Kulturen sind grundsätzlich dynamisch, veränderbar und ständig äußeren Einflüssen ausgesetzt. Meine Intention ist es jedoch, durch diese Sicht auf bestimmte Werte, mit denen wir in unserem kulturell vielfältigen gesellschaftlichen Alltag konfrontiert sind, das Verständnis zu erweitern, die Akzeptanz zu erhöhen, das Wissen über diese «Kulturen» zu vertiefen. Insofern befinde ich mich mit meinen Ausführungen an einem «Wendepunkt» – mein Blick auf traditionelle Werte soll das Verständnis für unsere kulturelle Vielfalt erleichtern, auch wenn diese Werte nur noch partiell oder in bestimmten Gruppen gelebt werden.
Interkulturalität und Transkulturalität
In den letzten Jahren hat sich der Kulturbegriff angesichts der immer stärker wahrgenommenen kulturellen Vielfalt in den Ländern verändert und dies hat sich natürlich in der theoretischen Diskussion niedergeschlagen. Man kam zu der Einsicht, dass Kulturen nicht statisch, rein und homogen sind und dass man deshalb schwer im Sinne von Nationalkulturen über «die Franzosen» oder «die Inder» sprechen kann, ohne Klischees zu verbreiten. Kulturen lassen sich nicht auf nationale Grenzen beschränken. Die immer wieder angesprochene kulturelle Vielfalt unserer Gesellschaften verlangt einen anderen Blickwinkel. Heute spricht man deshalb von «kultureller Durchlässigkeit», «Hybridität», «Transkulturalität».19 Diese Begriffe zeigen, dass Kulturen in erster Linie nicht klar voneinander abzugrenzen, sondern vielmehr miteinander verflochten sind. Weltweite Migrationsbewegungen seit mehreren hundert Jahren, Flüchtlingsströme in Vergangenheit und Gegenwart, aber auch die Verschiffung der Sklaven aus Afrika nach Nordamerika im 19. Jahrhundert, die Internationalisierung von Unternehmen und damit einhergehende Expatriation im Zuge der Globalisierung im 20. Jahrhundert sowie die zunehmende Mobilität von Studierenden schlagen sich in einer immer deutlicher wahrnehmbaren kulturellen Verflechtung in den jeweiligen Nationalkulturen nieder.

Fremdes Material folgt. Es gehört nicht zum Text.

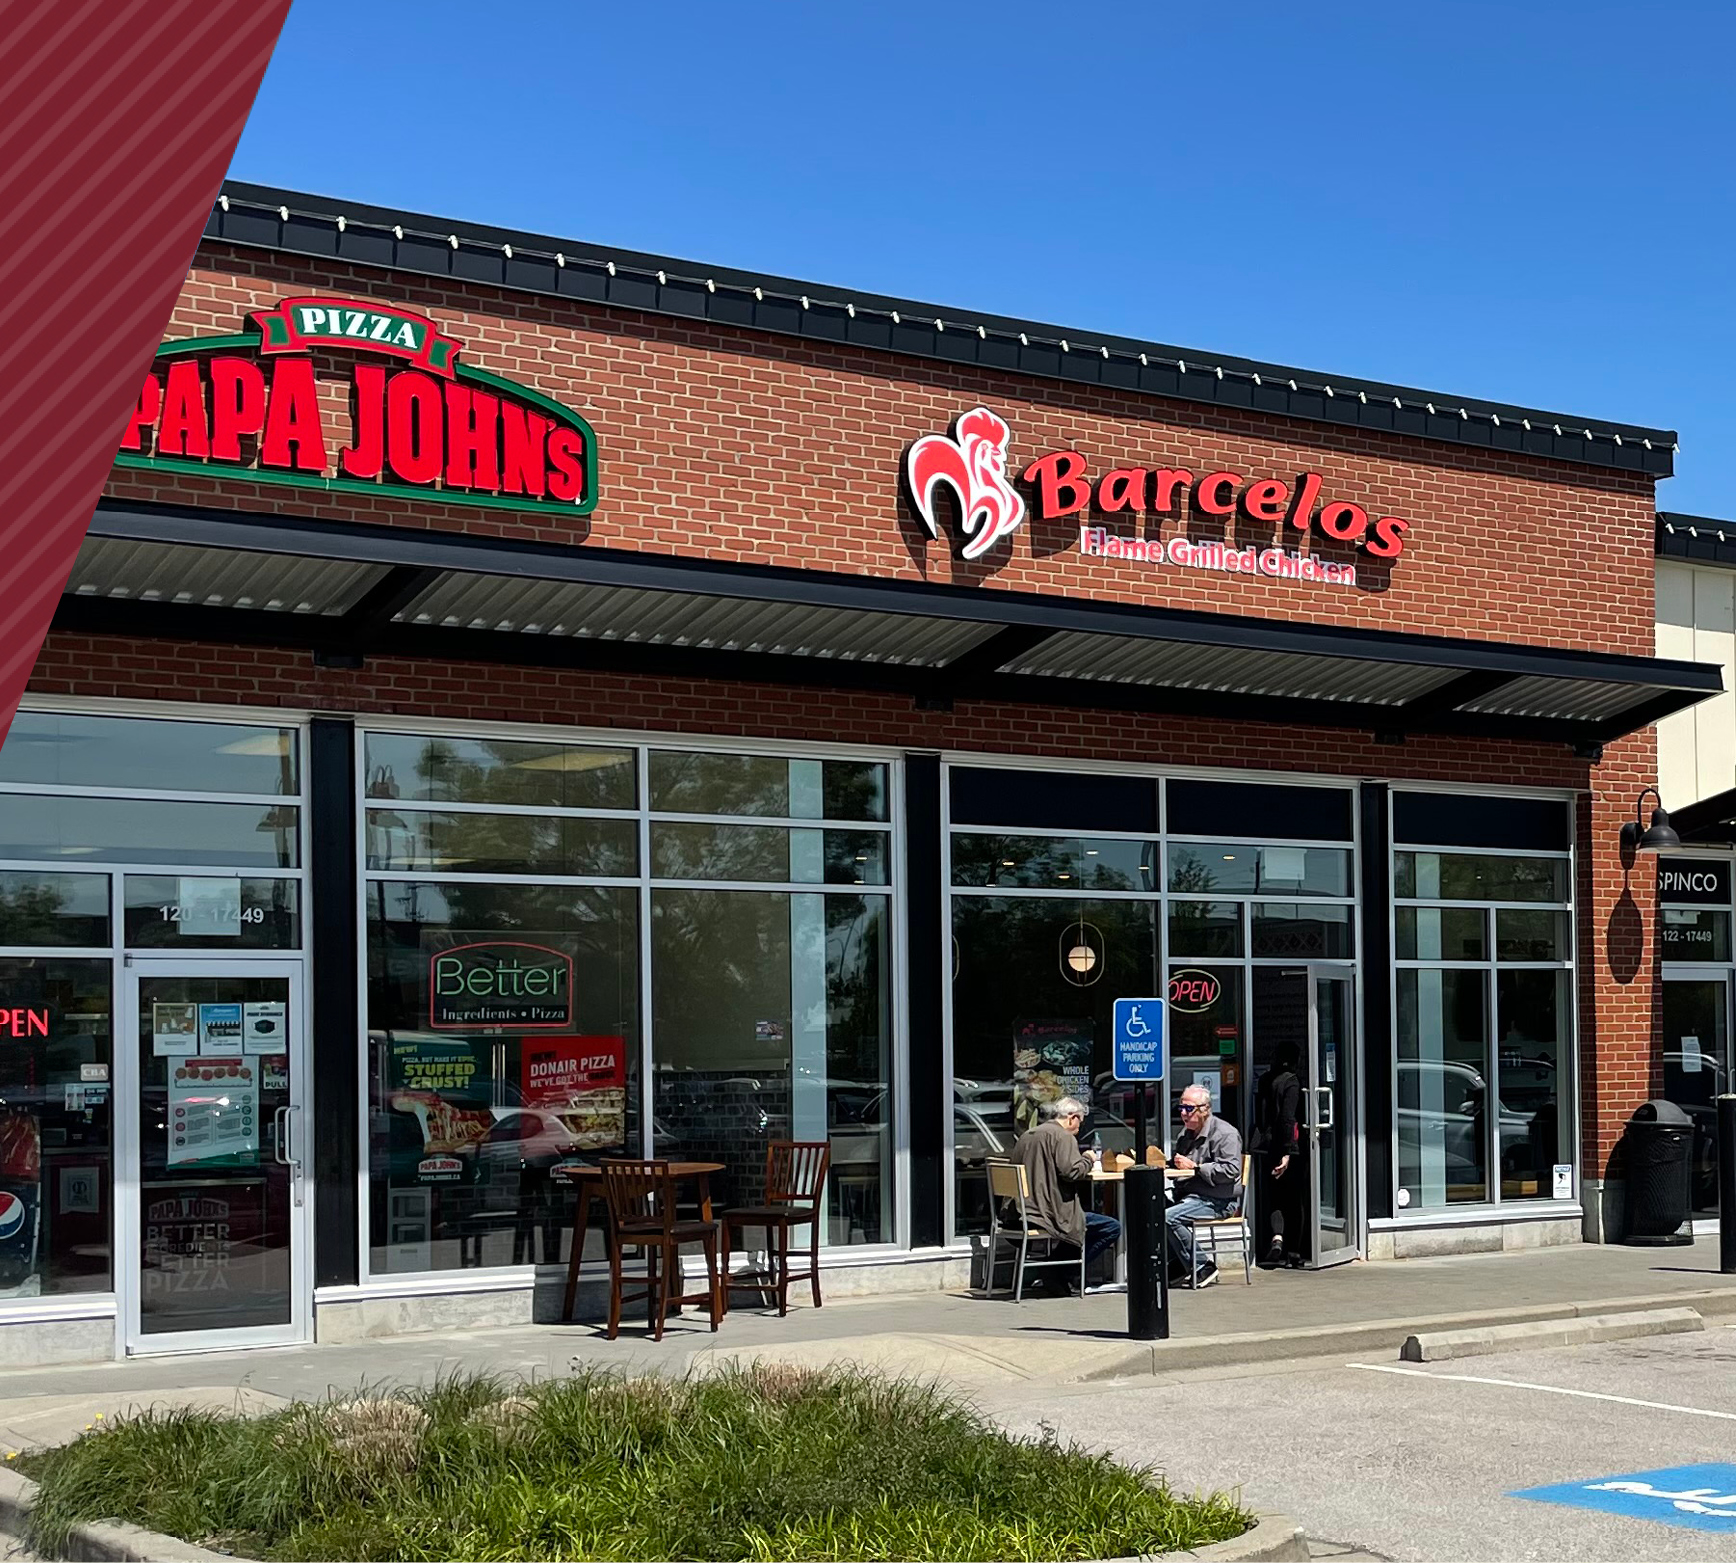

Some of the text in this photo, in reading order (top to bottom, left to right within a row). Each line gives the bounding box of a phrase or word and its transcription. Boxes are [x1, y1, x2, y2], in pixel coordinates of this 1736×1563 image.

[300, 307, 418, 349] PIZZA
[342, 363, 583, 501] JOHN'S
[1023, 450, 1410, 558] Barcelos
[1080, 527, 1356, 585] Flame Grilled Chicken
[159, 905, 192, 922] 120
[210, 906, 264, 924] 17449
[1663, 930, 1679, 941] 122
[1686, 930, 1712, 942] 17449
[436, 958, 566, 997] Better
[1168, 981, 1215, 1002] OPEN
[442, 1007, 565, 1021] Ingredients Pizza
[1120, 1042, 1158, 1052] HANDICAP
[1123, 1052, 1155, 1062] PARKING
[404, 1063, 476, 1076] STUFFED
[530, 1055, 615, 1077] DONAIR PIZZA
[1063, 1066, 1089, 1075] WHOLE
[1129, 1064, 1149, 1074] ONLY
[410, 1075, 470, 1089] CRUST!
[573, 1072, 588, 1082] THE
[1056, 1075, 1089, 1084] CHICKEN
[145, 1270, 230, 1293] PIZZA

Betroffen sind alle Bereiche: sämtliche Aspekte der Hochkultur wie etwa die sogenannte «Weltmusik», die Alltagskulturen – man denke an die Vielzahl kulturspezifischer Restaurants in allen Großstädten der Welt, aber auch Mode und Architektur –, Geschäftskulturen und unterschiedliche Umgangsformen, Sprachkulturen und neu aufkommende Sprachformen. Heute sind wir mit der kulturellen Verflechtung vor allem im Bildungsbereich und im Gesundheitswesen konfrontiert. Themen wie die Integration von Migranten oder Menschen mit «Migrationshintergrund» sind vor allem in Europa aktuell.
Die Verflechtung vollzieht sich jedoch nicht gleichmäßig. Manche Gruppen grenzen sich ab, bleiben eher unter sich, leben ihre eigenen traditionellen Werte, andere hingegen öffnen sich und lassen eine kulturelle Anpassung zu. Es zeigt sich immer deutlicher, dass bei diesen gesellschaftlichen Prozessen oft weniger kulturelle Aspekte im Vordergrund stehen, sondern vielmehr ökonomische, soziale, politische Gründe darauf Einfluss nehmen, wie sich die einzelnen Gruppen oder auch Einzelpersonen in der Mehrheitsgesellschaft positionieren.
Aktuelle Diskussion um Integration und kulturelle Anpassung
Kulturelle Anpassung vollzieht sich sehr unterschiedlich und sie hängt, wie erwähnt, von der jeweiligen sozialen Position, vom Bildungshintergrund, aber auch von einer persönlichen Disposition ab. Aber wie weit eine Gesellschaft kulturelle Pluralität positiv besetzt, hängt auch vom Machtverhältnis zwischen Mehrheitsgesellschaft und Minderheiten ab.
Die weltweiten Migrationsbewegungen aus wirtschaftlichen und politischen Gründen bewirken eine konkrete Verunsicherung in den jeweiligen Nationalstaaten: die «Anderen» werden Teil von «uns», ethnische Abgrenzungen sind durchlässiger geworden, nationaler Wohlstand erfährt eine Bedrohung durch verstärkte Zuwanderung, kulturelle Identitäten sind nicht mehr eindeutig festzuschreiben, soziale Unterschiede verstärken sich und verschärfen die Fremdenfeindlichkeit, traditionelle Werte werden wieder hochgehalten, um sich voneinander abzugrenzen. Inmitten der Globalisierung der Welt treten Ängste auf. Staatsgrenzen werden wieder geschlossen, die «Anderen» erneut ausgegrenzt, das Eigene soll bewahrt werden, den Verflechtungen wird entgegengearbeitet.
Dennoch sind die Veränderungen nicht mehr rückgängig zu machen. Wir müssen uns mit ihnen auseinandersetzen. Interkulturalität und Transkulturalität sind Versuche, Antworten auf die zahlreichen Fragen im Umgang mit unseren Ängsten rund um die Thematik der kulturellen Pluralität unserer Welt zu geben.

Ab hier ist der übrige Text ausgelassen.